There are those that think the famous book opening ‘Call me Ishmael’ is the greatest literary first impression ever. Drivel. Consider this opening sentence from the immortal P. G. Wodehouse:

‘At the open window of the great library of Blandings Castle, drooping like a wet sock, as was his habit when he had nothing to prop his spine against, the Earl of Emsworth, that amiable and boneheaded peer, stood gazing out over his domain.’

When you read that, you are hooked. You know what’s ahead will be worth its weight in gold.

It’s the same with restaurants, including quick-serves.

When you walk through the door of any restaurant, all your senses are on red alert. You are open to any assault of smell, sight, sound, touch, or feel. It is likely that, in the first minutes (maybe seconds) of any visit, one or two of your appropriate senses will register such an assault and it will shape your views about the place. Those views might be positive or negative. They might be nutritional or corrosive, and they might not just last for this visit, but shape a lifetime’s attitude. They might not just relate to that single location but might also shape a view about other locations if they exist under the same banner. A whole brand positioning might be affected – all in a few seconds.

It is an enormous opportunity for the enlightened operator. It is in your hands – the ability to affect a fundamental customer attitude to your restaurant, using largely natural (and free) materials, simply by picking a target sense and deliberately trying to affect it positively within ten seconds of somebody – anybody – coming through the door.

But there are pitfalls. Some senses are more easily affected in a positive way than others. Some are hard to affect positively at all, but easy to affect negatively. These I call
dirty window
senses – they respond negatively to things that are bad (dirty windows) but you don’t notice them if they are good (clean windows). If your restaurant tables and the floor areas beneath are left cluttered and dirty, it’s a huge and early strike against the place for many customers.

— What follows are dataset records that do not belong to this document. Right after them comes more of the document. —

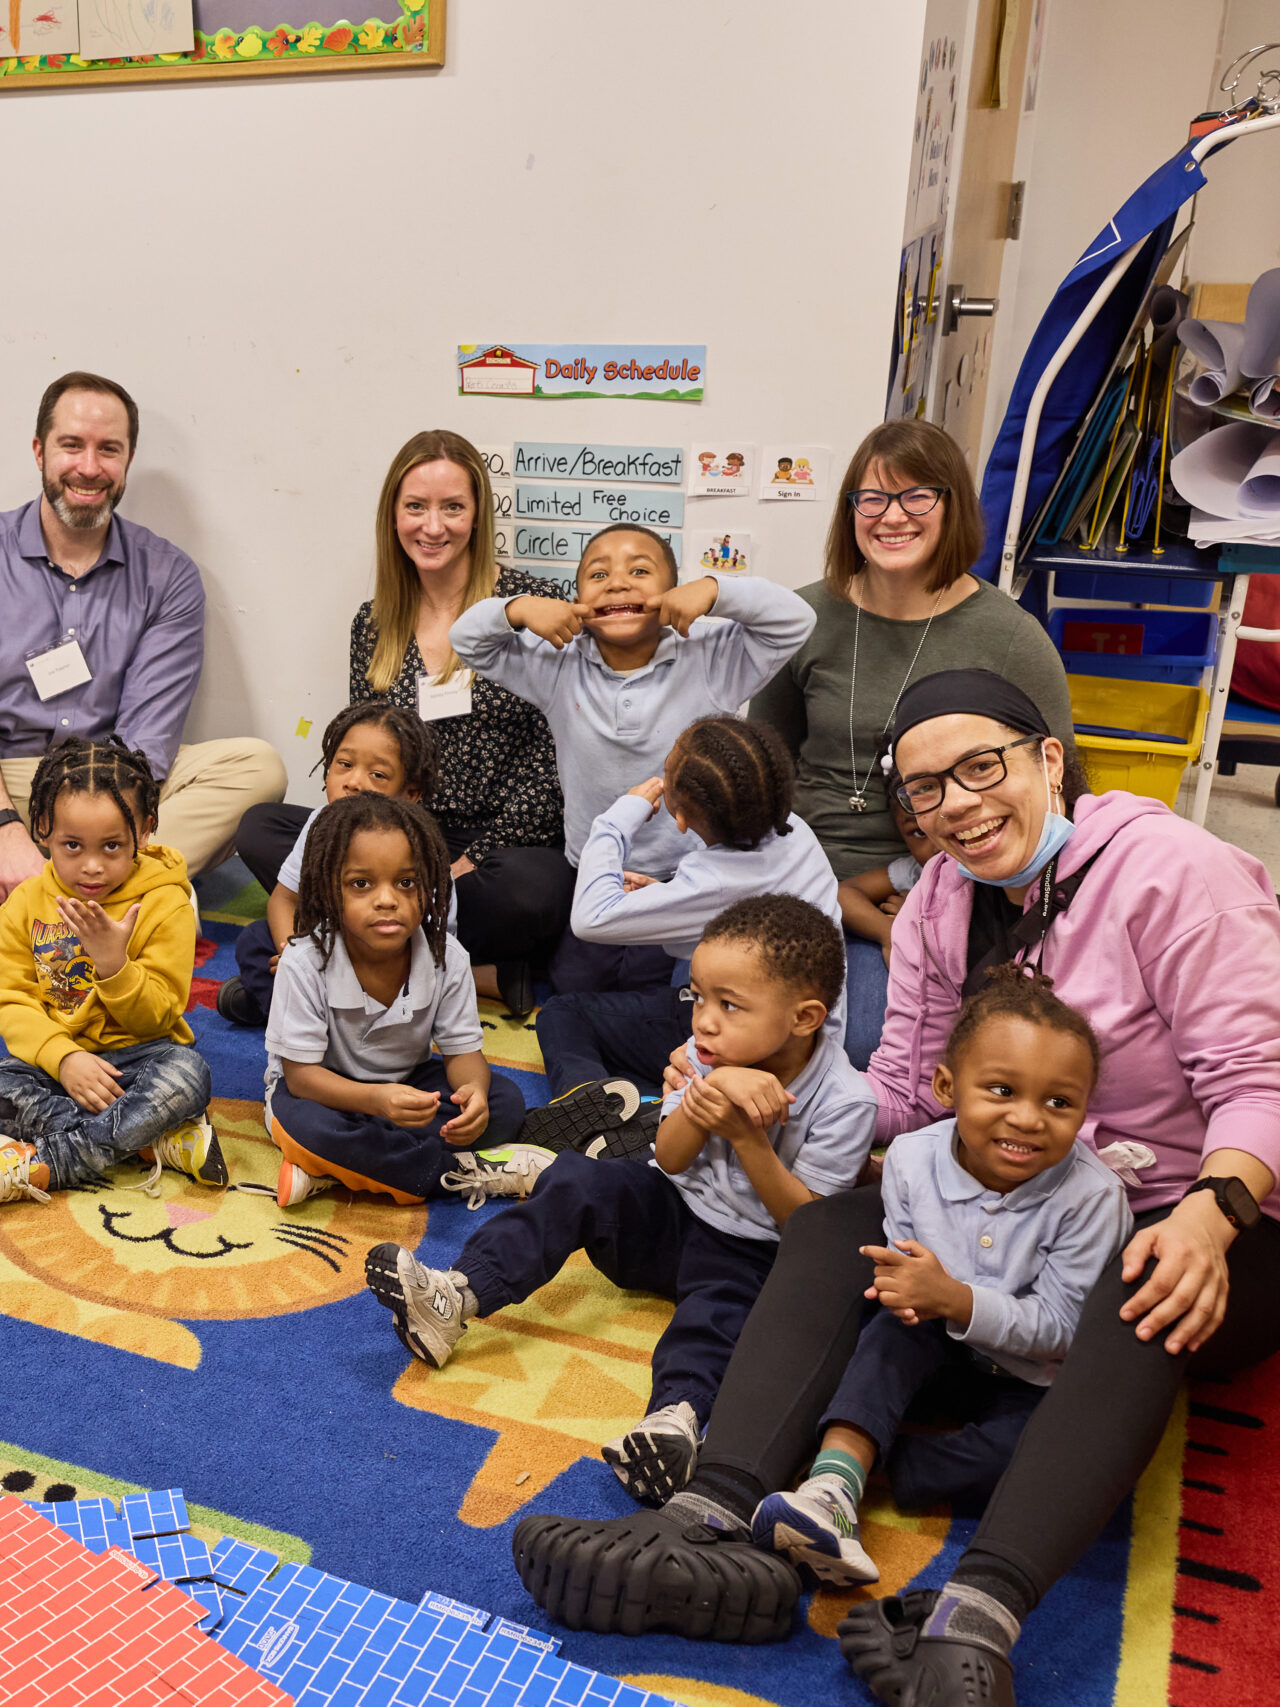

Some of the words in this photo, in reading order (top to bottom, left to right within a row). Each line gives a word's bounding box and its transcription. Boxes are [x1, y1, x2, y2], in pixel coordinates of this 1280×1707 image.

[545, 357, 597, 385] Daily
[604, 357, 701, 382] Schedule
[516, 488, 582, 516] Limited
[593, 490, 627, 506] Free
[778, 490, 793, 498] Sign
[609, 507, 670, 524] Choice
[515, 529, 568, 556] Circle
[433, 1291, 447, 1315] N

If it’s all clean, it’s like a clean window – that’s how it should be. Nobody notices.

It is possible, however, to make a strong positive impact within the same timescale. Simple things, like using a customer’s first name, can do far more to increase customer frequency and loyalty than discounting and ‘two-fers’ ever can. And don’t believe it can’t work for you in a big branded outlet. In one study we did in England, one member of a counter staff remembered 400 customer names!

I’m kinda odd (would you believe?). I’m particularly open to being impressed by the first sounds of a place when I open the door. Does it sound friendly, busy, welcoming? Obviously, however, the main sense that can be assaulted positively for most people is that of sight. What do you see when you open the doors? That might be a welcoming ‘meet, seat and greeter’, but, if not, you need to monitor what’s in the sight line from the door and put something powerfully good in there.

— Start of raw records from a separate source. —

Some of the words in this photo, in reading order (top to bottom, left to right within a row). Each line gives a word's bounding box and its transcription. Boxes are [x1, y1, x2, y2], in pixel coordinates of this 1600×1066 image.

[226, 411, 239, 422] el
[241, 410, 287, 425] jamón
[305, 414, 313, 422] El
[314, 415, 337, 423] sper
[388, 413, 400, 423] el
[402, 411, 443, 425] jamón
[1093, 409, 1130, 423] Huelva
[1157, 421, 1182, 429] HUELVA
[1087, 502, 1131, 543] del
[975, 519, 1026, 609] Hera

That’s the trick. Look at your place. Go outside and walk back in. Pick one sense and have a brainstorming session with your team. What can you do to assault that chosen sense positively in the first ten seconds? It might just be obvious and it might just be cheap. Get it right and it will be highly effective.

As I said, first impressions are critically important to me. I can’t wait to see
Basic Instinct II
.

36. Love thine enemy

I
n an unnerving moment at the end of the 1980s, Mikhail Gorbachev’s smiling spokesman, Gennadi Gerasimov, taunted the West with the words, ‘We have done the most terrible thing to you that we could possibly have done. We have deprived you of your enemy.’

What rubbish. We have managed to substitute a perfectly adequate new common enemy – and I do not refer to terrorism, the non-Christian world, SARS, AIDS, or any of those lesser ones. I refer, of course, to France.